= 56

Домой к родителям Глеб заехал всего на три неполных дня.

Мать слёзно упрашивала остаться. Друзья зазывали уйти в отрыв по такому поводу — это же святая традиция. И даже отец не хотел отпускать:

— Что там у тебя? То сбежал оттуда резко аж на Дальний Восток, то теперь рвёшься, как конь без узды. А о матери подумал? Она вон как наскучалась.

— Да приеду потом ещё. Мне восстанавливаться в универе надо, — буркнул Глеб.

И хоть университет тут был, скорее, поводом, чем причиной, восстанавливаться он всё же действительно собирался.

Однако тянуло его туда, и притом неодолимо, совсем не поэтому.

Наверное, дня не проходило, чтобы Глеб не думал о Саше. А когда наконец вышел приказ, так и вовсе постоянно представлял себе, как они встретятся, что он ей скажет.

Хорошо хоть командир части не стал кочевряжиться и даже не заставил выжидать даты призыва, а отправил Глеба на неделю раньше — вроде как за счёт неиспользованного отпуска. Причём без пресловутого дембельского аккорда. А ведь грозился, что отправит в последнюю очередь, потому что ну кто ещё так шустро будет чинить там уазики.

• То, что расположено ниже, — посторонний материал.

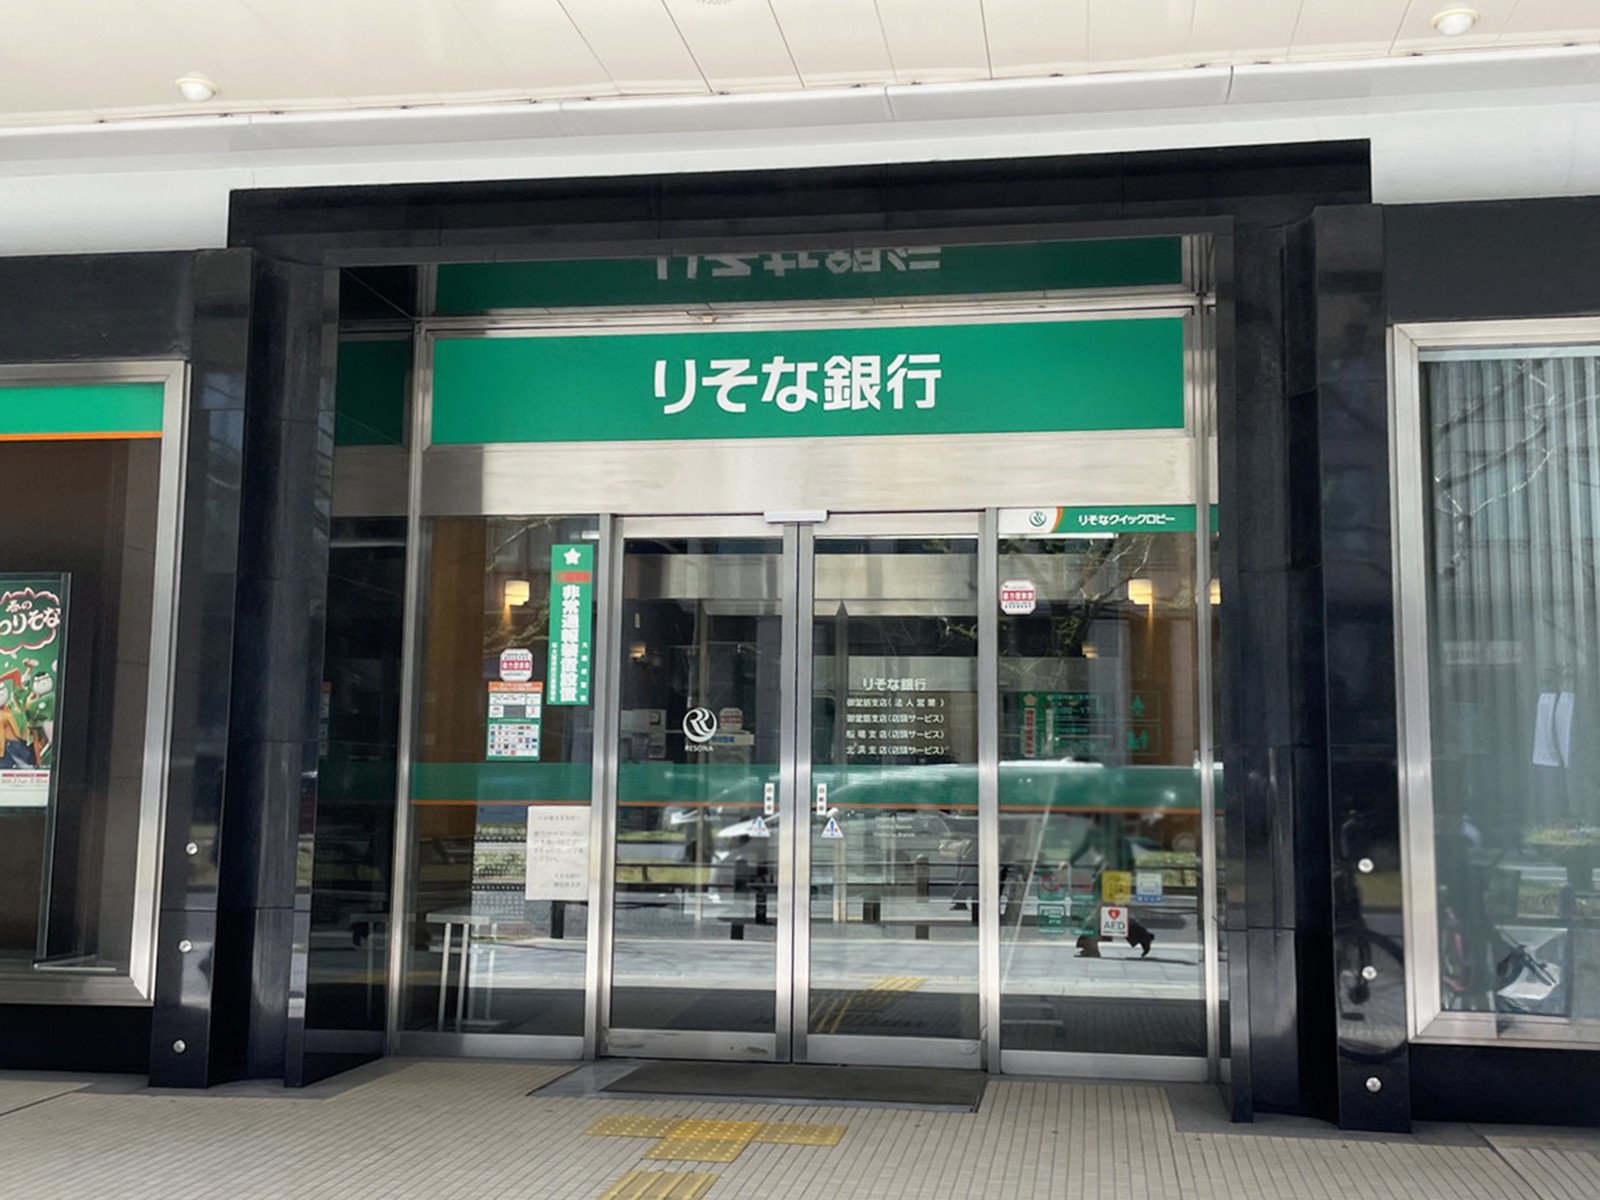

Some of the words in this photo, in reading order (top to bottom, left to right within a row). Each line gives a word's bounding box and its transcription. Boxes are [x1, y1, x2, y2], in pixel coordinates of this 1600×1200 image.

[653, 353, 942, 415] りそな銀行
[1078, 513, 1176, 526] りそなクイックロビー
[862, 678, 927, 691] りそな銀行
[1104, 921, 1126, 931] AED

И вот когда до отъезда оставались считанные дни, ожидание стало совсем непереносимым. Другие дембеля занимали себя тем, что активно украшали форму: плели в каптёрках аксельбанты и кисти, вытачивали надфилем эмблемы, нашивали самодельные погоны, края подбивали верёвочными кантиками.

Глеб не разделял этого повального увлечения и просто ждал, днём, ночью, на разводе, в казарме, в столовой. Ждал ежесекундно. Всей душой, всеми мыслями рвался домой, а уж в чём ехать — вообще плевать. Хоть в парадке, хоть в гражданке, хоть в маскарадном костюме — лишь бы поскорее.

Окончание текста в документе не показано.